AI Power Indexstatic
NVDA+2.34%
MSFT-0.12%
GOOGL+1.87%
META+0.95%
AMD+1.73%
ORCL-0.44%
PLTR+3.21%
SNOW+4.15%
AI INDEX+1.42%

Google's Gemini 3.1 Pro Preview Tops AI Index, Offers Major Cost Advantage

AI Fresh Daily
4 min read
Feb 21, 2026
Google's Gemini 3.1 Pro Preview Tops AI Index, Offers Major Cost Advantage

This article was written by AI based on multiple news sources.Read original source →

Google's Gemini 3.1 Pro Preview has taken the top spot on the Artificial Analysis Intelligence Index, a composite benchmark that rolls ten individual tests into one overall score. The model leads the ranking by four points over its closest competitor, Anthropic's Claude Opus 4.6, and achieves this feat at less than half the cost of its major rivals. This performance and pricing combination presents a significant new option in the competitive landscape of large language models.

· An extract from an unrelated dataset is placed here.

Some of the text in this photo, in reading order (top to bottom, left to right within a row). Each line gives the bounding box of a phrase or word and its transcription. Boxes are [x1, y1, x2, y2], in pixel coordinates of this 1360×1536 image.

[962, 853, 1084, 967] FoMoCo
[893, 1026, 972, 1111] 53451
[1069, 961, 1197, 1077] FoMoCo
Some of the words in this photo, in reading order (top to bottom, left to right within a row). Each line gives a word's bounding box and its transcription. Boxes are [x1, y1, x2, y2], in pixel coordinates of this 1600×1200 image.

The model's strength is broad, ranking first in six out of ten benchmark categories. These include agent-based coding, knowledge, scientific reasoning, and physics. A notable technical improvement is a substantial reduction in the model's tendency to generate incorrect or fabricated information, known as hallucination. Compared to its predecessor, Gemini 3 Pro, the 3.1 Pro Preview has seen its hallucination rate drop by 38 percentage points, addressing a key weakness of the earlier version.

The cost efficiency of Gemini 3.1 Pro is stark when measured against the benchmark process itself. Running the full suite of ten tests that comprise the Artificial Analysis Intelligence Index cost just $892 using Gemini 3.1 Pro. This is a fraction of the expense required for competitors: the same evaluation cost $2,304 for OpenAI's GPT-5.2 and $2,486 for Anthropic's Claude Opus 4.6. This cost advantage is partly due to efficiency; Gemini 3.1 Pro consumed only 57 million tokens to complete the index, well under the 130 million tokens used by GPT-5.2. For context, open-source models like GLM-5 can run the tests for even less, at approximately $547, though they do not match the overall performance score of the leading proprietary models.

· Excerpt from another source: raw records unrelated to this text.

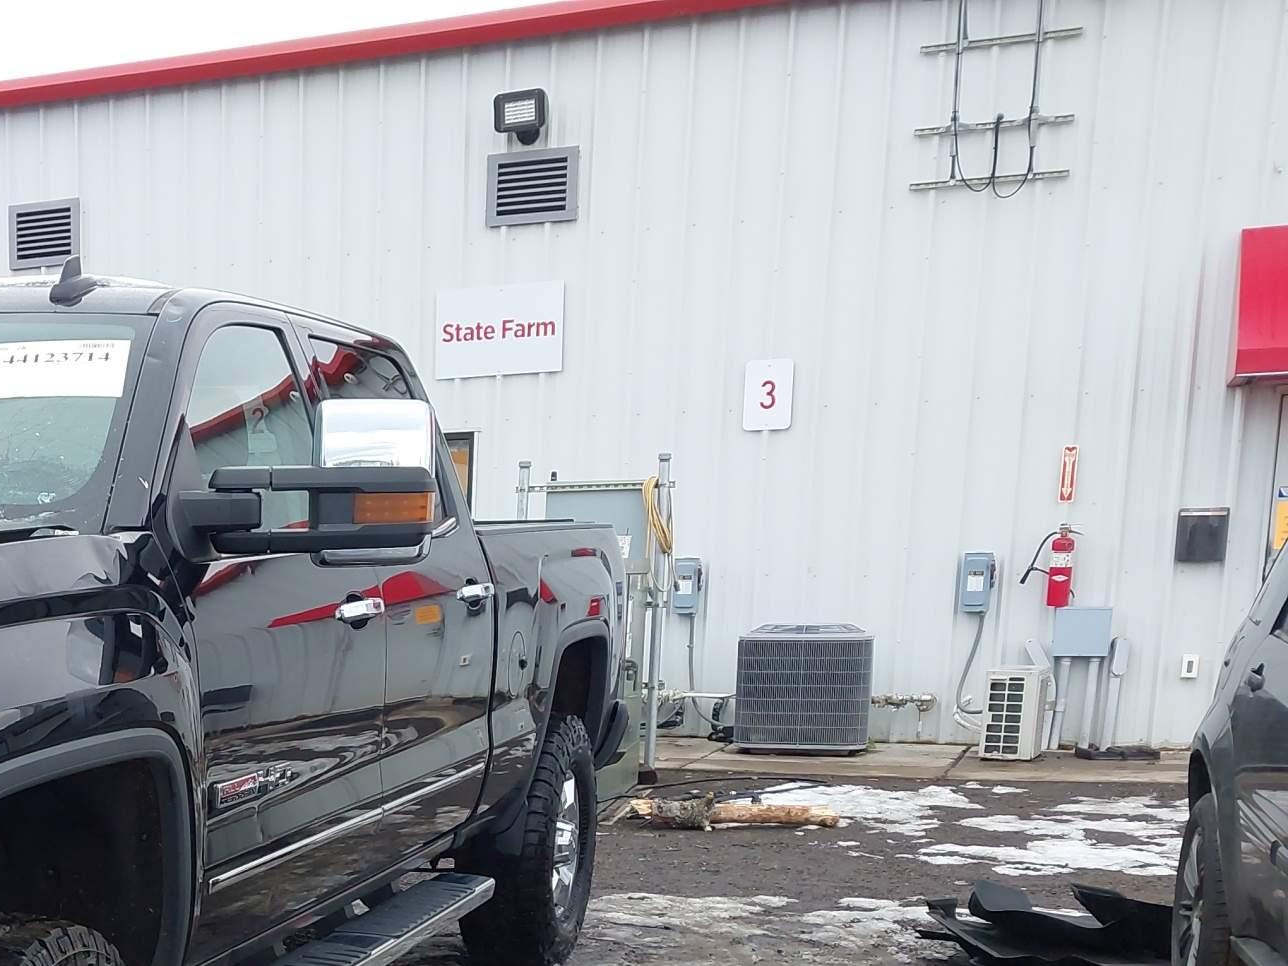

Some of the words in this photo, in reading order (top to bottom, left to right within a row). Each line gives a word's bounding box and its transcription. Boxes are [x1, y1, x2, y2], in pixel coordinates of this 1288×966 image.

[442, 323, 496, 343] State
[501, 318, 556, 339] Farm
[2, 351, 111, 364] 44123714
[759, 380, 776, 410] 3
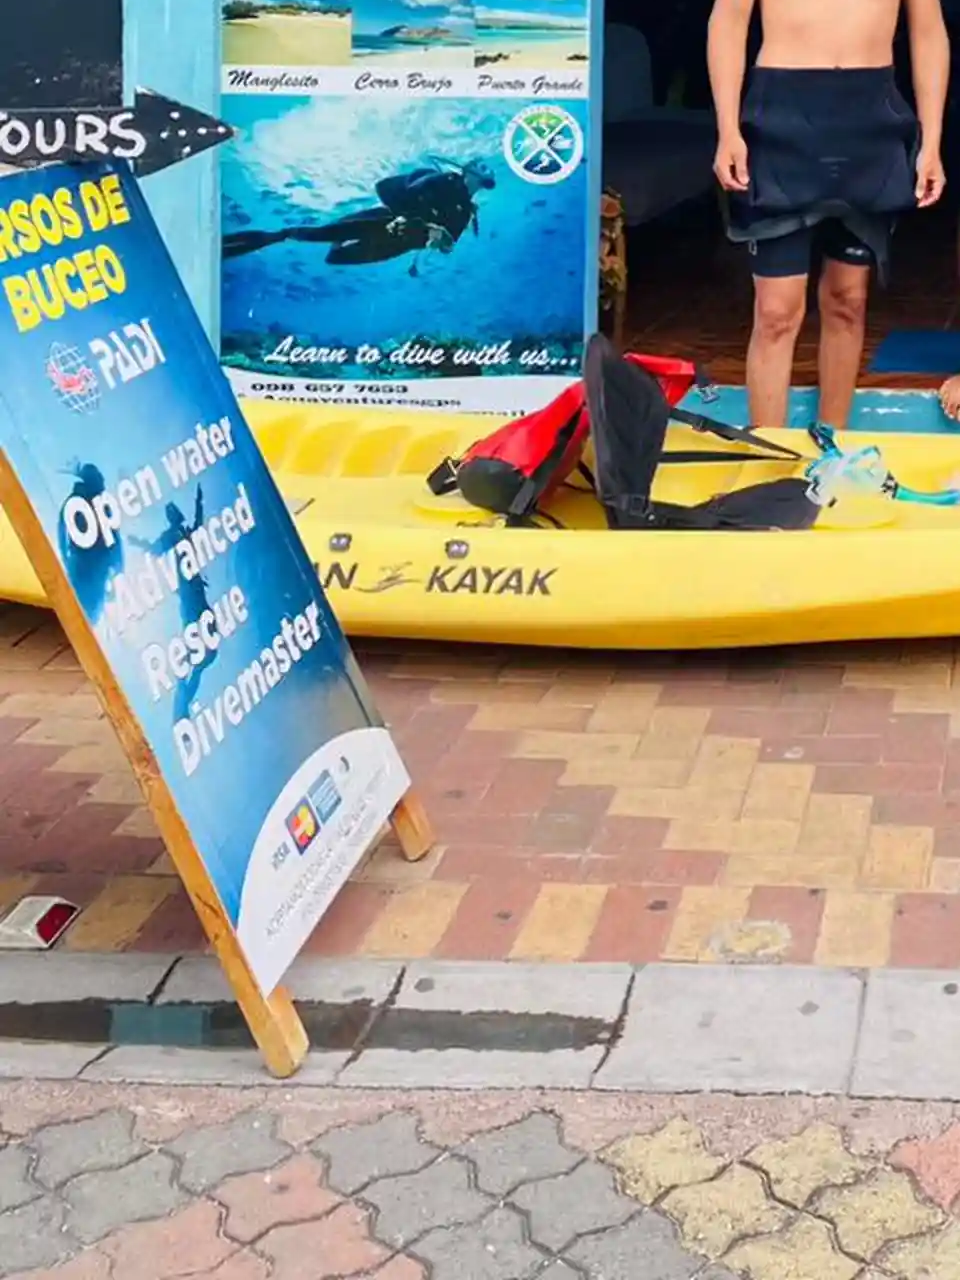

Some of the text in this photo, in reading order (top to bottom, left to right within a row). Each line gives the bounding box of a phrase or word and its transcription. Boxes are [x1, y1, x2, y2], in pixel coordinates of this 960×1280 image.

However, the benchmark results do not tell the complete story, and the index reveals important caveats. Despite its strong composite score, Gemini 3.1 Pro Preview still falls behind Claude Sonnet 4.6, Claude Opus 4.6, and GPT-5.2 when evaluated on real-world agent tasks, a critical category for autonomous AI applications. Furthermore, in an independent fact-checking test conducted internally by the analysts, Gemini 3.1 Pro performed significantly worse than its top rivals. The model was able to verify only about a quarter of statements in initial tests, a rate even lower than the already weak performance of Gemini 3 Pro in this area. This highlights a persistent gap in reliability for factual verification, a crucial capability for many enterprise and consumer applications.

The emergence of Gemini 3.1 Pro Preview as a cost-performance leader signals a potential shift in market dynamics, where efficiency and value are becoming as important as raw capability. Google's model demonstrates that it is possible to achieve top-tier results on standardized academic and reasoning benchmarks while drastically reducing inference costs. Yet, the disparity in performance on practical agent tasks and fact-checking serves as a critical reminder for developers and businesses. Choosing a model requires matching its specific strengths—whether in coding, scientific reasoning, or cost-efficiency—against the demands of the intended application, as no single model currently dominates all dimensions of performance.

Key Points

  • 1Gemini 3.1 Pro Preview leads the Artificial Analysis Intelligence Index, scoring four points above Claude Opus 4.6.
  • 2It achieves this at less than half the cost: running the full index test cost $892 vs. $2,304 for GPT-5.2 and $2,486 for Claude Opus.
  • 3The model ranks first in six of ten categories, including agent-based coding and scientific reasoning, and shows a 38% reduction in hallucination rate versus Gemini 3 Pro.
Why It Matters

It demonstrates a major advance in cost-performance for top-tier models, forcing competitors to justify premium pricing and pushing efficiency to the forefront of model evaluation.